In conclusion, reconciliation does not mean we hold the same truth. Reconciliation does not mean we are reconciled as to our opinions on interpreting Scripture. If it did, then Christian unity would be precisely as deep as our exegesis -- surely there has to be better foundation! Rather, (for me at least) reconciliation starts with the commitment to love people who teach things about God that I think are wrong.
What does that look like? Well, it means opening up space for them in my heart -- even when I think their words cause more damage than they do help. It means giving up (to God) the desire to see them "come around" to my point of view. It means that Christian love is not a love that says, "when you are healed, you will look like this" rather, Christian love is a love that just simply relishes in the delight of loving. Anything short of that, and we are not, with Dosteovksy, "loving men also in their sin" rather... we are attempting to love man out of his sin... and such an attempt always appears together with its agenda.
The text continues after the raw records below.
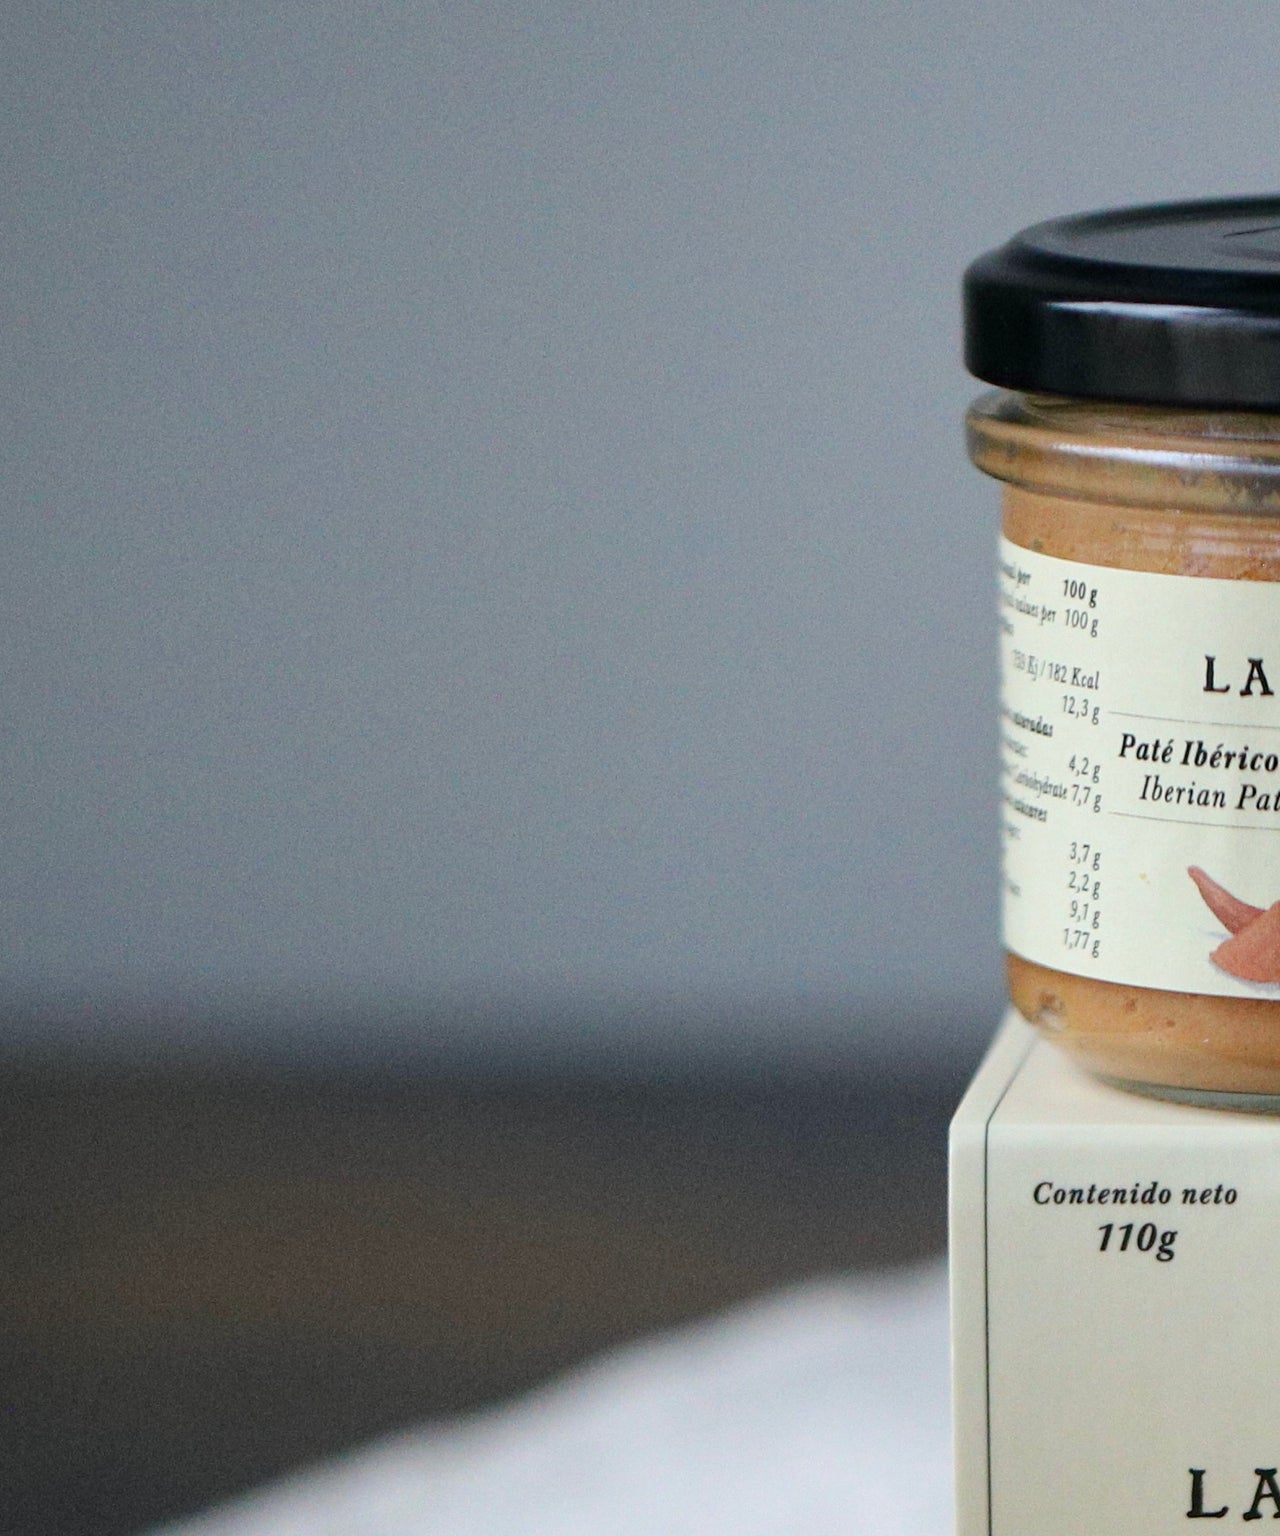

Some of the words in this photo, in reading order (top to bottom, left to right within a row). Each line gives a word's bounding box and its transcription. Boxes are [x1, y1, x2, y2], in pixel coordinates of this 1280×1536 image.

[1064, 579, 1086, 600] 100
[1089, 588, 1097, 608] g
[1065, 609, 1088, 629] 100
[1091, 618, 1098, 638] g
[1049, 662, 1067, 683] 182
[1071, 667, 1100, 690] Kcal
[1203, 655, 1274, 698] LA
[1063, 695, 1088, 718] 12,3
[1092, 706, 1099, 725] g
[1119, 732, 1174, 764] Paté
[1181, 740, 1279, 773] Ibérico
[1068, 754, 1090, 777] 4,2
[1092, 765, 1101, 784] g
[1072, 784, 1091, 806] 7,7
[1094, 795, 1101, 813] g
[1139, 774, 1227, 808] Iberian
[1070, 842, 1090, 864] 3,7
[1093, 852, 1101, 871] g
[1068, 871, 1090, 893] 2,2
[1092, 881, 1101, 900] g
[1069, 900, 1089, 923] 9,1
[1092, 911, 1100, 930] g
[1064, 928, 1090, 949] 1,77
[1092, 940, 1101, 958] g
[1033, 1181, 1172, 1205] Contenido
[1182, 1183, 1238, 1205] neto
[1098, 1222, 1178, 1262] 110g
Thanks for posting, Joe! I think you're hitting a point that I've been thinking and feeling recently.
ReplyDeleteJust a few days ago, I talked with a man briefly about the issues of gay marriage and gay church leadership. After he stated his position, I told him I had gay (and straight) friends all over the spectrum on those issues and on how they responded to their sexual orientation, and that I come from an evangelical background and have wrestled with the issues in a very personal way. And in all that, I believe that wherever people land on the issues, it's key to come from a position of love.
You're right: the Christian life is not simply about loving people out of their sin, not about getting them to believe what I do. The Christian life is about lavishing love on others, however they respond, because that is how Christ lived. Faith in Christ is not a mere idea to be held, but a way to be lived; those who fail to love others in an attempt to save their souls are missing the heart of the Gospel and so not only fail to share the Gospel of Jesus Christ effectively with others, but also imperil their own souls.
Also, the Christian duty is to bear effective witness to Christ - which necessarily includes a life of love - rather than to make a given number of converts; who chooses Christ is ultimately up to God. Likewise, you rightly point out that Christians should not expect unity on Biblical interpretation of every passage, because of people's freedom and plain old difference of perspective. When we in the Body of Christ love one another, obey Christ's commands as God enables us to understand them, and humbly, lovingly bow before God, I believe is peace and unity. God grant that all who seek find: in essentials, unity; in non-essentials, diversity; in all things, charity.
I don't think loving like Christ in this way demands abandoning claims to truth, much less orthodoxy, but it does mean a view of orthodoxy that is inextricably linked to orthopraxy: the right beliefs must line up with right actions. Indeed, some only love their enemies because they believe the God of the Bible gives them the command and ability to love them; that is, a particular truth claim gives them the why and how to love.
If we preach the God of love, we must love others unconditionally, and not simply because we might convert them, but simply because they too are loved of God. While I affirm that kind of love within a framework of Protestant orthodoxy that might differ from yours, I must say: good post, Joe!